━━ EXERCISE MATERIAL

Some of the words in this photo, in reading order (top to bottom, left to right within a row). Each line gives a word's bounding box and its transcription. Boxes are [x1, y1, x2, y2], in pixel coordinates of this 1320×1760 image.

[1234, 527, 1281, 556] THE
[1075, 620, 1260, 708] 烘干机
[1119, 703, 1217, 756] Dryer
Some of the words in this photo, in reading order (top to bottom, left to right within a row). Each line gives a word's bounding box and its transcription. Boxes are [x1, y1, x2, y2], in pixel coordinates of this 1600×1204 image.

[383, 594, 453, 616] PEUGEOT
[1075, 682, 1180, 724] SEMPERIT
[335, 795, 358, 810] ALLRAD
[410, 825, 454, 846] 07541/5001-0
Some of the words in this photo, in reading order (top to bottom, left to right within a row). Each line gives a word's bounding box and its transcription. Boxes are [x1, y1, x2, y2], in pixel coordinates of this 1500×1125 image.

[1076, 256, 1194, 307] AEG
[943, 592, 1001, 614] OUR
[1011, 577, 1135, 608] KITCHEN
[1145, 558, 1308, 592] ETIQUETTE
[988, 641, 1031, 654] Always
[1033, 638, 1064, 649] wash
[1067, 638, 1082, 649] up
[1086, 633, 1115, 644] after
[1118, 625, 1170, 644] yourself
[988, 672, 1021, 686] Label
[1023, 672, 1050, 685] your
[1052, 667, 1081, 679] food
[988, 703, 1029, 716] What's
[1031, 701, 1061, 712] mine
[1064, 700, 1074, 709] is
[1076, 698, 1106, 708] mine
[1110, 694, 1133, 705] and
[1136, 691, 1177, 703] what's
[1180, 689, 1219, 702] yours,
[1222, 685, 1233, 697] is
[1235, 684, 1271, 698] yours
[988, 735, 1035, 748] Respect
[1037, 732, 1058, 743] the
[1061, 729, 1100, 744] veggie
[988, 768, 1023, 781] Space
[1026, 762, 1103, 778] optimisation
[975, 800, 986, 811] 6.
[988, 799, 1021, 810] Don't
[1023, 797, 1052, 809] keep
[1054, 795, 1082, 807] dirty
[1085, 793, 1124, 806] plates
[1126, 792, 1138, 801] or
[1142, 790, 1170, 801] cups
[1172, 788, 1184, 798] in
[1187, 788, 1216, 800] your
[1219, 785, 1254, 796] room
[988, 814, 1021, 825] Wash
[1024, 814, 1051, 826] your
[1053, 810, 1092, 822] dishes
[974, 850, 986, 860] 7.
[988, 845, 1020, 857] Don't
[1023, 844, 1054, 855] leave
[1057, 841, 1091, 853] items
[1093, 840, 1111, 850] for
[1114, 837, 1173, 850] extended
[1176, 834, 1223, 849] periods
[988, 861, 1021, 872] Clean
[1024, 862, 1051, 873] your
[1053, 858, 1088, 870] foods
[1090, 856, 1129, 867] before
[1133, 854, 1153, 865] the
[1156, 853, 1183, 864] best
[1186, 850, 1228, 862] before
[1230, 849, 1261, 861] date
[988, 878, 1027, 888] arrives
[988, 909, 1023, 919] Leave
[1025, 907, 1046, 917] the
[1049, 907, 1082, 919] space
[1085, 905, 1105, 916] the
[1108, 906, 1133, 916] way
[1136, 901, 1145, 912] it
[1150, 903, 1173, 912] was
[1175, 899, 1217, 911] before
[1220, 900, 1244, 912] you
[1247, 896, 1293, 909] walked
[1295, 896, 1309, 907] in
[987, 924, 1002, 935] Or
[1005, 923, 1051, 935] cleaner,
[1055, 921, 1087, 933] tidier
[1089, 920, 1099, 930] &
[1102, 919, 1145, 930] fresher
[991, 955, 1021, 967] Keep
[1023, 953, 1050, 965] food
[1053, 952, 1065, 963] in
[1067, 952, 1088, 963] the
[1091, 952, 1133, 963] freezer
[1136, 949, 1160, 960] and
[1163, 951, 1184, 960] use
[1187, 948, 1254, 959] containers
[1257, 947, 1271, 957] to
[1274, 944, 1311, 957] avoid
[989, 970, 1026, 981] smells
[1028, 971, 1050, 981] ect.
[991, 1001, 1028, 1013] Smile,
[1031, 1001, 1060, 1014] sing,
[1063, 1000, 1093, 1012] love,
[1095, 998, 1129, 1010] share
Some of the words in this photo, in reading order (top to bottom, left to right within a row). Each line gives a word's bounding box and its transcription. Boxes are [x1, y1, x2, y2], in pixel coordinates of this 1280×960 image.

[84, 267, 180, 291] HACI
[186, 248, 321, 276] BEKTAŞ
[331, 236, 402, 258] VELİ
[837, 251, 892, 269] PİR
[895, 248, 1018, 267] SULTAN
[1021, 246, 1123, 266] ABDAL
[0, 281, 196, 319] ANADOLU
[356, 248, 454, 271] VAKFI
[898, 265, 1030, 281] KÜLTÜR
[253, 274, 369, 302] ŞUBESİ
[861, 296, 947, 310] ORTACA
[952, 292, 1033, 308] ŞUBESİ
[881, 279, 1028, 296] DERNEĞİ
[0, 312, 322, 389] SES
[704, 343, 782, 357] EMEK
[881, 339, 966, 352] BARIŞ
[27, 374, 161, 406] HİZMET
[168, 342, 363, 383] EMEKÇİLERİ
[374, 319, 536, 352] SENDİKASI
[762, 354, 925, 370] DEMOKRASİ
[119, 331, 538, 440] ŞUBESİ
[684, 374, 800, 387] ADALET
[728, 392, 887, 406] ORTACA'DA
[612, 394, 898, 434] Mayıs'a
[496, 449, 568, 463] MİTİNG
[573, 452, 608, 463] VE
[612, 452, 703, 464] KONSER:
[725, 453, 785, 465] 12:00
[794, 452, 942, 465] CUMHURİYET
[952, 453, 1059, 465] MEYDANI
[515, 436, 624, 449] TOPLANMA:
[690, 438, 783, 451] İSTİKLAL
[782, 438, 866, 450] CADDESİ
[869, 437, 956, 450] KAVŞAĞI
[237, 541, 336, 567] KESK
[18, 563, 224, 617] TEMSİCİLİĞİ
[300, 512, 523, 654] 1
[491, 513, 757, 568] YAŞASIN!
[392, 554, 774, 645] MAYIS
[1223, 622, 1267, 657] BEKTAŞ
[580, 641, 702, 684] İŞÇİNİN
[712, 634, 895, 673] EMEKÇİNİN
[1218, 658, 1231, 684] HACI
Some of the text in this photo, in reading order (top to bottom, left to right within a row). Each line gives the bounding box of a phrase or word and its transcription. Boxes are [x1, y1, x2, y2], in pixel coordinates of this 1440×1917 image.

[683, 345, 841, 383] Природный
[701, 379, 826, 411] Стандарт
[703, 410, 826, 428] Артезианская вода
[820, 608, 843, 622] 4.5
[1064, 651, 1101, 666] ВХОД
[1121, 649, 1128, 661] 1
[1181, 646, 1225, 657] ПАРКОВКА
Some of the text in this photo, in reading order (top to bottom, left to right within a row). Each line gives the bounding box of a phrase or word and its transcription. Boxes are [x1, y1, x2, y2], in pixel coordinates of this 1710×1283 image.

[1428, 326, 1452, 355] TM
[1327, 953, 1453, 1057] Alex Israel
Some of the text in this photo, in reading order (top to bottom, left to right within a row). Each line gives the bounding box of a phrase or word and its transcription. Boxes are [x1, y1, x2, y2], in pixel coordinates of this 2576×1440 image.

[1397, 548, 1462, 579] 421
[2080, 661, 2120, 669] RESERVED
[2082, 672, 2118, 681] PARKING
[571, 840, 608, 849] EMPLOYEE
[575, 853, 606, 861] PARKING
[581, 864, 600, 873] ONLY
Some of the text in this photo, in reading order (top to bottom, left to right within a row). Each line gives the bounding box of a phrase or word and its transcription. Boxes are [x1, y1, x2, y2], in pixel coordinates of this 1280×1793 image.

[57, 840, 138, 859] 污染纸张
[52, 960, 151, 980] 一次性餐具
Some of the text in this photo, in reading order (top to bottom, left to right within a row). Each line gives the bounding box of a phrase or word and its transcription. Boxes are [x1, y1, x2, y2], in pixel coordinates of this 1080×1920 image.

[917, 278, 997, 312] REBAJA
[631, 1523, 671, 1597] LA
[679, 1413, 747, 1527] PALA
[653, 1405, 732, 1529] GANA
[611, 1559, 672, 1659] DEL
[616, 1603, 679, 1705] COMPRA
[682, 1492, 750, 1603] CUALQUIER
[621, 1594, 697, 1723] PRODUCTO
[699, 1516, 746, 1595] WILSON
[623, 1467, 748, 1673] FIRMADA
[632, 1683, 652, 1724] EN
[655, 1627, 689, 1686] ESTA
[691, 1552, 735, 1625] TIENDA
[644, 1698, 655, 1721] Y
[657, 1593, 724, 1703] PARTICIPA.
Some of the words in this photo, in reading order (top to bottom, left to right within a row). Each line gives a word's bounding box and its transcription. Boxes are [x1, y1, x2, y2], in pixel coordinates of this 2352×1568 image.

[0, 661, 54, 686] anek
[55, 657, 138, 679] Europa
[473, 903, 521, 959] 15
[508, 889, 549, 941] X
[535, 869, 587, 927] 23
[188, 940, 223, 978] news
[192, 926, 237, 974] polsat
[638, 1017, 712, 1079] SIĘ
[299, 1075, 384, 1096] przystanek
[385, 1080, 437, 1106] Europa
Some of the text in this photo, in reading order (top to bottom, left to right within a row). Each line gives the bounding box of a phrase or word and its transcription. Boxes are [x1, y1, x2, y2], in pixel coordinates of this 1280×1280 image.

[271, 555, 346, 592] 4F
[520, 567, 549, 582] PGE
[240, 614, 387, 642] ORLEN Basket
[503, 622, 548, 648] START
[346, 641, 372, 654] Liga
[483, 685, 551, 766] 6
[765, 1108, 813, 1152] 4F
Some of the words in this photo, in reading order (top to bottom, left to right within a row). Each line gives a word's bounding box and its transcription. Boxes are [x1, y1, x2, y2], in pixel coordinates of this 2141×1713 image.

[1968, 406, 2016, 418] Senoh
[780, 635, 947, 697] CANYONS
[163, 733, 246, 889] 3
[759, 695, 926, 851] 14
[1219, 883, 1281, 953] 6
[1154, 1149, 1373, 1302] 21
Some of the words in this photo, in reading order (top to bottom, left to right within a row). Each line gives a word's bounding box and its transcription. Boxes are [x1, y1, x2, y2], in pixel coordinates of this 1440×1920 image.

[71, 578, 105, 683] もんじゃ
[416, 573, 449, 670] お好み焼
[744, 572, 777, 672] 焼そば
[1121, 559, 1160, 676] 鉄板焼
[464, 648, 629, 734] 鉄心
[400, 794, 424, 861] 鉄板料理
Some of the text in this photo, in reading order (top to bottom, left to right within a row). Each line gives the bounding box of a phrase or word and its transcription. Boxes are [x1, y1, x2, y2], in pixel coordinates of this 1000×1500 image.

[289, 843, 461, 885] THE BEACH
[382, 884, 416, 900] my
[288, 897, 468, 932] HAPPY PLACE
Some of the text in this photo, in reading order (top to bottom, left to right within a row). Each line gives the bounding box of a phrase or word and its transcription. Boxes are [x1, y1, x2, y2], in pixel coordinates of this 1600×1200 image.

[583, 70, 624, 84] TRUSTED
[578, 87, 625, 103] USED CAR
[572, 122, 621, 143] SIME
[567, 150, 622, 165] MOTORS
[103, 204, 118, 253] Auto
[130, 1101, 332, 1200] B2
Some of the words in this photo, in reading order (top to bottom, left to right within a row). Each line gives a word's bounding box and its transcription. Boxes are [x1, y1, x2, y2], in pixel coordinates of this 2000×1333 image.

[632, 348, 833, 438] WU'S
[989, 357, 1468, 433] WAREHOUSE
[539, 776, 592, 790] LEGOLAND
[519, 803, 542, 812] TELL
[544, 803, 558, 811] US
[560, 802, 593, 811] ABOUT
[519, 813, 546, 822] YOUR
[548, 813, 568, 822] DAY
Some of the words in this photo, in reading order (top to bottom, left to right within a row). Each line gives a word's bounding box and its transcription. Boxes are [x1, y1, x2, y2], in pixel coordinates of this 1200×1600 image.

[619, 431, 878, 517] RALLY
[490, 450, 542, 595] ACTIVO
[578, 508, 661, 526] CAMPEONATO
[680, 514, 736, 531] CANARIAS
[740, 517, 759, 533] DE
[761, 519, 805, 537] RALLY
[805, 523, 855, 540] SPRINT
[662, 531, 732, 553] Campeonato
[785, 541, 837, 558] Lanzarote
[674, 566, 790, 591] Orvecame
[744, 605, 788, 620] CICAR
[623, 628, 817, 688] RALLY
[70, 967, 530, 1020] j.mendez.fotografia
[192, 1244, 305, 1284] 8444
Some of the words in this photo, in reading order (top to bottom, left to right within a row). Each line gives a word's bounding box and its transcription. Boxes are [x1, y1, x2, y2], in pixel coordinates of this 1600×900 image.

━━━━

Restate word for word every line from the one containing "this 1000×1500 image." through the final line of the listing. Both end lines belong in the answer.

Some of the text in this photo, in reading order (top to bottom, left to right within a row). Each line gives the bounding box of a phrase or word and its transcription. Boxes are [x1, y1, x2, y2], in pixel coordinates of this 1000×1500 image.

[289, 843, 461, 885] THE BEACH
[382, 884, 416, 900] my
[288, 897, 468, 932] HAPPY PLACE
Some of the text in this photo, in reading order (top to bottom, left to right within a row). Each line gives the bounding box of a phrase or word and its transcription. Boxes are [x1, y1, x2, y2], in pixel coordinates of this 1600×1200 image.

[583, 70, 624, 84] TRUSTED
[578, 87, 625, 103] USED CAR
[572, 122, 621, 143] SIME
[567, 150, 622, 165] MOTORS
[103, 204, 118, 253] Auto
[130, 1101, 332, 1200] B2
Some of the words in this photo, in reading order (top to bottom, left to right within a row). Each line gives a word's bounding box and its transcription. Boxes are [x1, y1, x2, y2], in pixel coordinates of this 2000×1333 image.

[632, 348, 833, 438] WU'S
[989, 357, 1468, 433] WAREHOUSE
[539, 776, 592, 790] LEGOLAND
[519, 803, 542, 812] TELL
[544, 803, 558, 811] US
[560, 802, 593, 811] ABOUT
[519, 813, 546, 822] YOUR
[548, 813, 568, 822] DAY
Some of the words in this photo, in reading order (top to bottom, left to right within a row). Each line gives a word's bounding box and its transcription. Boxes are [x1, y1, x2, y2], in pixel coordinates of this 1200×1600 image.

[619, 431, 878, 517] RALLY
[490, 450, 542, 595] ACTIVO
[578, 508, 661, 526] CAMPEONATO
[680, 514, 736, 531] CANARIAS
[740, 517, 759, 533] DE
[761, 519, 805, 537] RALLY
[805, 523, 855, 540] SPRINT
[662, 531, 732, 553] Campeonato
[785, 541, 837, 558] Lanzarote
[674, 566, 790, 591] Orvecame
[744, 605, 788, 620] CICAR
[623, 628, 817, 688] RALLY
[70, 967, 530, 1020] j.mendez.fotografia
[192, 1244, 305, 1284] 8444
Some of the words in this photo, in reading order (top to bottom, left to right within a row). Each line gives a word's bounding box and its transcription. Boxes are [x1, y1, x2, y2], in pixel coordinates of this 1600×900 image.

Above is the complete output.